About this task: Down to the last line, print the entries below exactly, and keep every picture out of the copy.
Extracted data section start
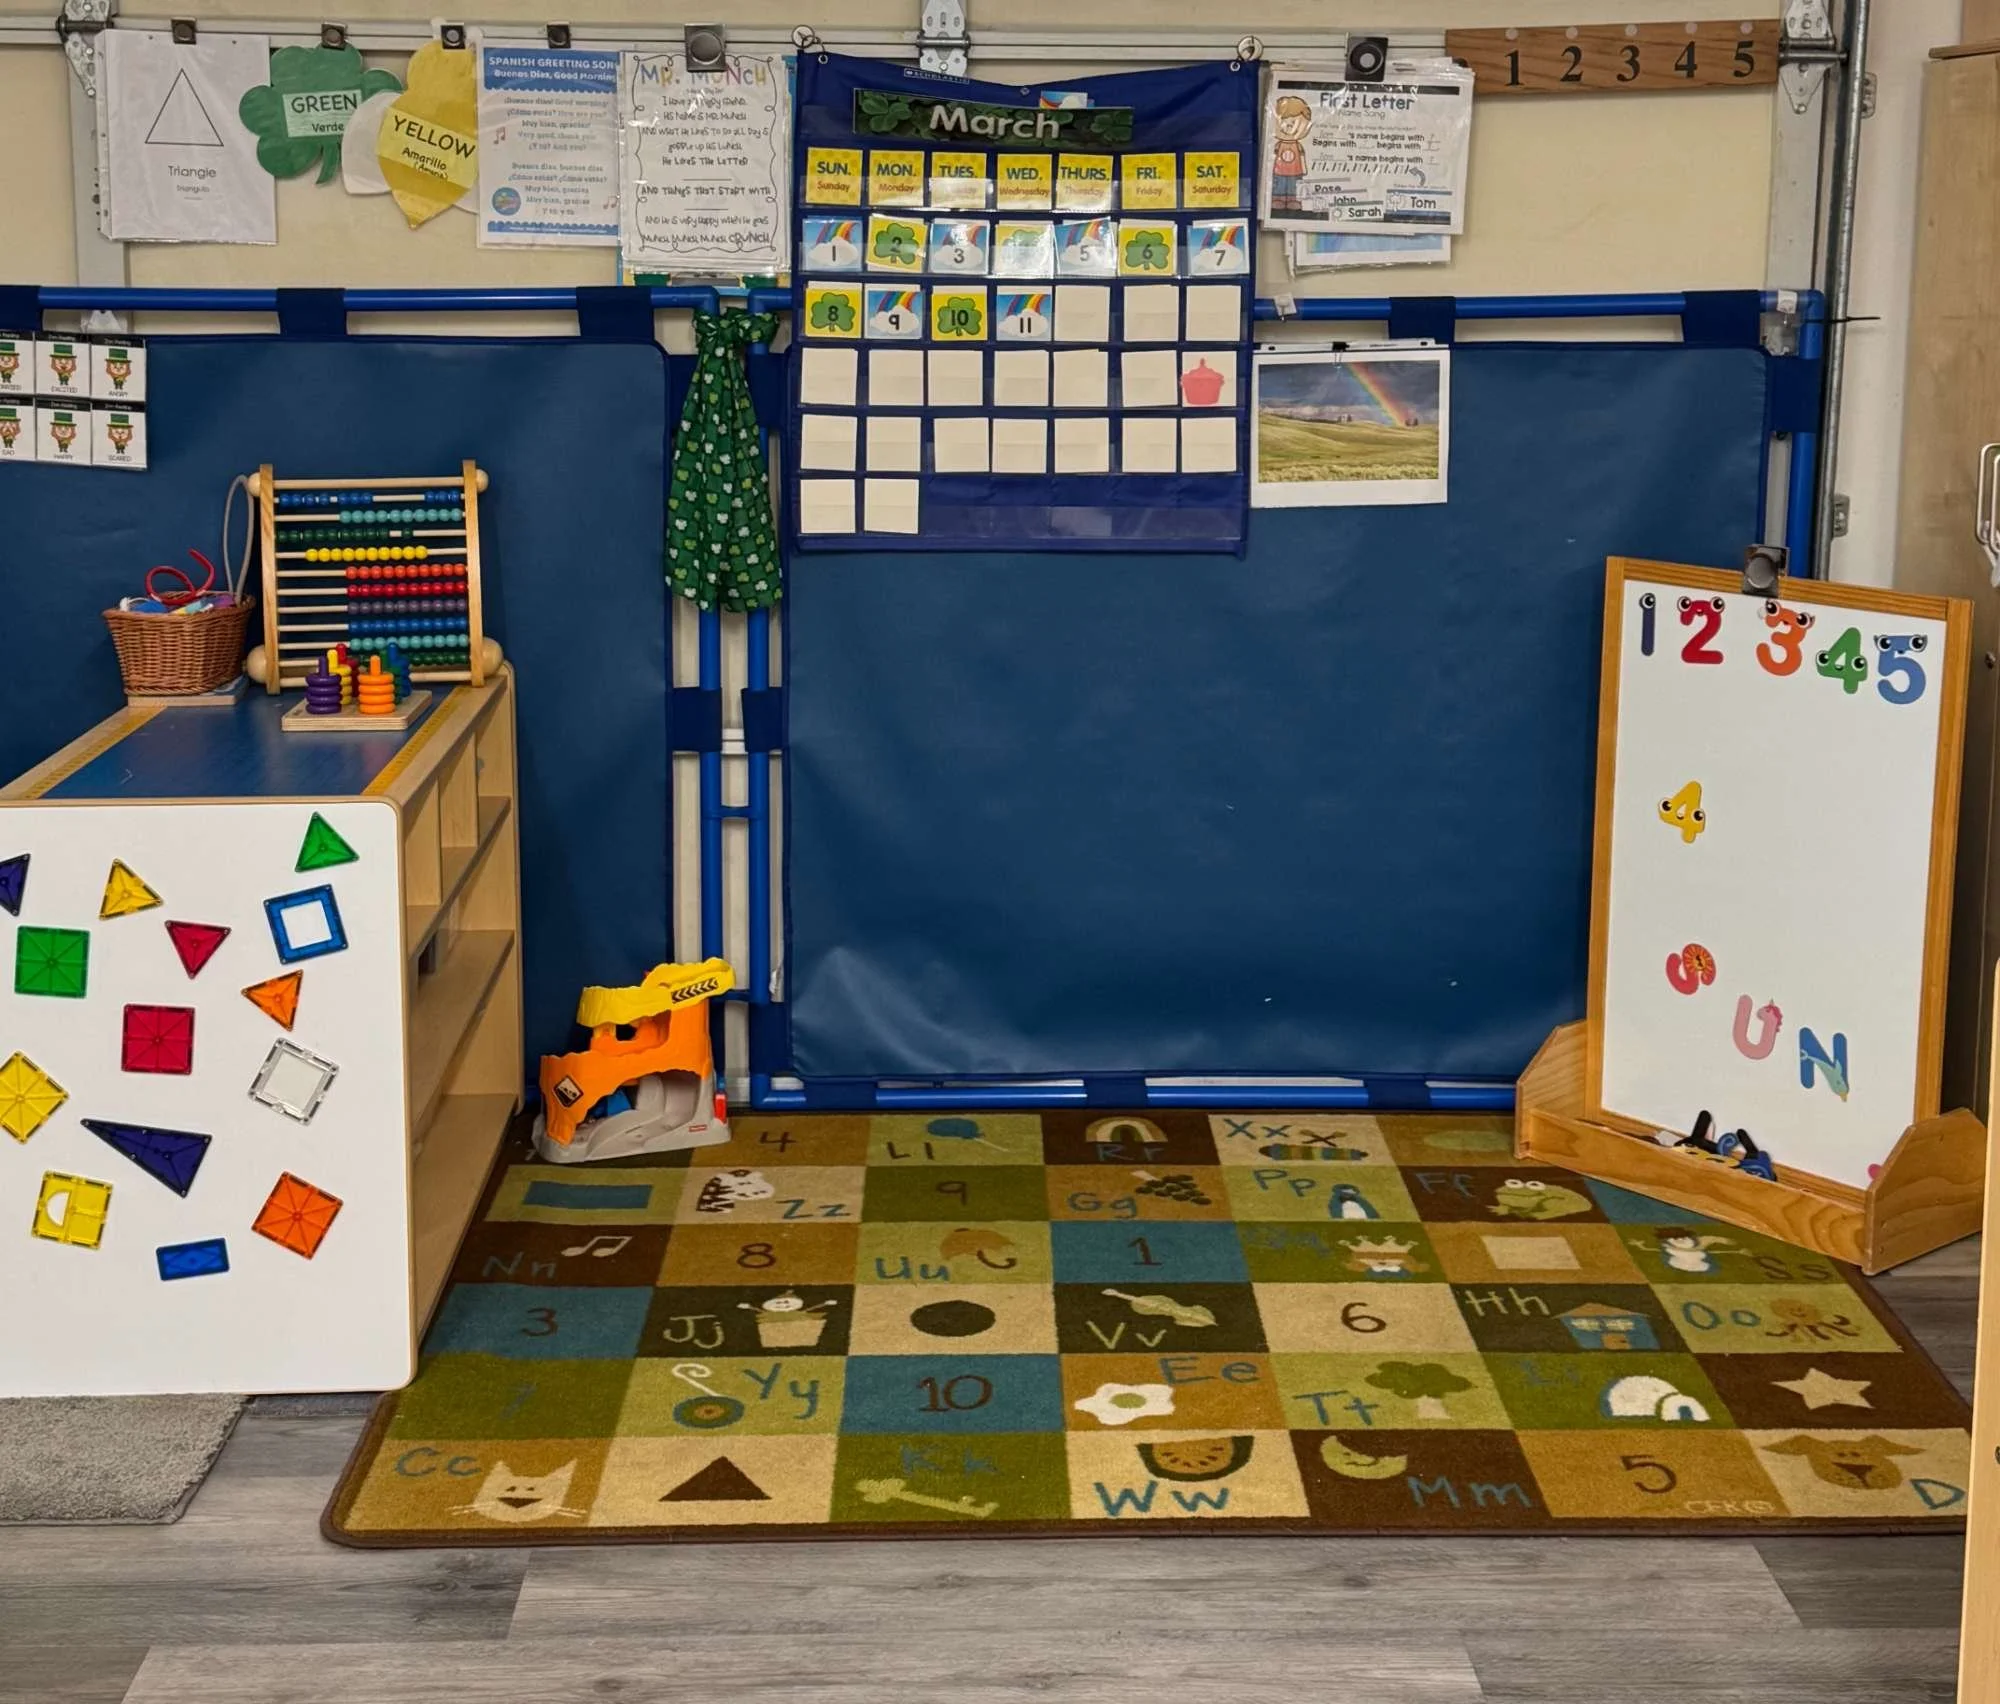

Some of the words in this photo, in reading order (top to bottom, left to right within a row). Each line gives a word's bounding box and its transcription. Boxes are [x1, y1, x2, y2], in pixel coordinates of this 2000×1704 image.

[489, 57, 536, 67] SPANISH
[537, 58, 590, 69] GREETING
[592, 60, 617, 70] SON
[1504, 50, 1524, 86] 1
[1560, 46, 1584, 82] 2
[1616, 45, 1641, 82] 3
[1674, 40, 1698, 78] 4
[1733, 40, 1755, 78] 5
[554, 71, 579, 80] Good
[291, 93, 358, 114] GREEN
[1319, 92, 1358, 109] First
[1362, 94, 1415, 110] Letter
[312, 122, 345, 133] Verde
[930, 104, 1060, 139] March
[395, 115, 476, 159] YELLOW
[1312, 138, 1338, 148] Begins
[1339, 139, 1357, 148] with
[1376, 140, 1402, 150] begins
[1403, 141, 1422, 150] with
[1356, 132, 1379, 141] name
[1380, 132, 1406, 142] begins
[1407, 133, 1425, 143] with
[402, 147, 447, 170] Amarillo
[1355, 154, 1378, 163] name
[1378, 154, 1405, 164] begins
[1406, 155, 1424, 165] with
[817, 161, 852, 176] SUN.
[876, 163, 916, 177] MON.
[940, 165, 978, 178] TUES.
[1006, 167, 1043, 180] WED.
[1060, 167, 1110, 182] THURS.
[1136, 167, 1161, 180] FRI.
[1196, 165, 1227, 179] SAT.
[817, 180, 850, 193] Sunday
[878, 183, 915, 194] Monday
[1000, 187, 1050, 198] Wednesday
[1136, 186, 1163, 197] Friday
[1192, 185, 1232, 196] Saturday
[1348, 207, 1382, 218] Sarah
[1411, 196, 1437, 209] Tom
[953, 248, 965, 264] 3
[1080, 245, 1089, 262] 5
[1142, 243, 1153, 261] 6
[1215, 249, 1226, 267] 7
[827, 305, 839, 322] 8
[951, 309, 969, 326] 10
[1019, 317, 1032, 334] 11
[1639, 592, 1656, 657] 1
[1676, 596, 1726, 665] 2
[1756, 599, 1815, 677] 3
[1815, 627, 1869, 695] 4
[1874, 633, 1928, 705] 5
[1658, 780, 1706, 843] 4
[759, 1131, 797, 1153] 4
[935, 1180, 968, 1205] 9
[736, 1242, 777, 1269] 8
[1129, 1237, 1163, 1266] 1
[520, 1307, 558, 1337] 3
[1340, 1302, 1387, 1334] 6
[917, 1375, 994, 1413] 10
[1620, 1455, 1677, 1494] 5
[1909, 1478, 1966, 1511] D
Extracted data section end
Worked solution:
Some of the words in this photo, in reading order (top to bottom, left to right within a row). Each line gives a word's bounding box and its transcription. Boxes are [x1, y1, x2, y2], in pixel coordinates of this 2000×1704 image.

[489, 57, 536, 67] SPANISH
[537, 58, 590, 69] GREETING
[592, 60, 617, 70] SON
[1504, 50, 1524, 86] 1
[1560, 46, 1584, 82] 2
[1616, 45, 1641, 82] 3
[1674, 40, 1698, 78] 4
[1733, 40, 1755, 78] 5
[554, 71, 579, 80] Good
[291, 93, 358, 114] GREEN
[1319, 92, 1358, 109] First
[1362, 94, 1415, 110] Letter
[312, 122, 345, 133] Verde
[930, 104, 1060, 139] March
[395, 115, 476, 159] YELLOW
[1312, 138, 1338, 148] Begins
[1339, 139, 1357, 148] with
[1376, 140, 1402, 150] begins
[1403, 141, 1422, 150] with
[1356, 132, 1379, 141] name
[1380, 132, 1406, 142] begins
[1407, 133, 1425, 143] with
[402, 147, 447, 170] Amarillo
[1355, 154, 1378, 163] name
[1378, 154, 1405, 164] begins
[1406, 155, 1424, 165] with
[817, 161, 852, 176] SUN.
[876, 163, 916, 177] MON.
[940, 165, 978, 178] TUES.
[1006, 167, 1043, 180] WED.
[1060, 167, 1110, 182] THURS.
[1136, 167, 1161, 180] FRI.
[1196, 165, 1227, 179] SAT.
[817, 180, 850, 193] Sunday
[878, 183, 915, 194] Monday
[1000, 187, 1050, 198] Wednesday
[1136, 186, 1163, 197] Friday
[1192, 185, 1232, 196] Saturday
[1348, 207, 1382, 218] Sarah
[1411, 196, 1437, 209] Tom
[953, 248, 965, 264] 3
[1080, 245, 1089, 262] 5
[1142, 243, 1153, 261] 6
[1215, 249, 1226, 267] 7
[827, 305, 839, 322] 8
[951, 309, 969, 326] 10
[1019, 317, 1032, 334] 11
[1639, 592, 1656, 657] 1
[1676, 596, 1726, 665] 2
[1756, 599, 1815, 677] 3
[1815, 627, 1869, 695] 4
[1874, 633, 1928, 705] 5
[1658, 780, 1706, 843] 4
[759, 1131, 797, 1153] 4
[935, 1180, 968, 1205] 9
[736, 1242, 777, 1269] 8
[1129, 1237, 1163, 1266] 1
[520, 1307, 558, 1337] 3
[1340, 1302, 1387, 1334] 6
[917, 1375, 994, 1413] 10
[1620, 1455, 1677, 1494] 5
[1909, 1478, 1966, 1511] D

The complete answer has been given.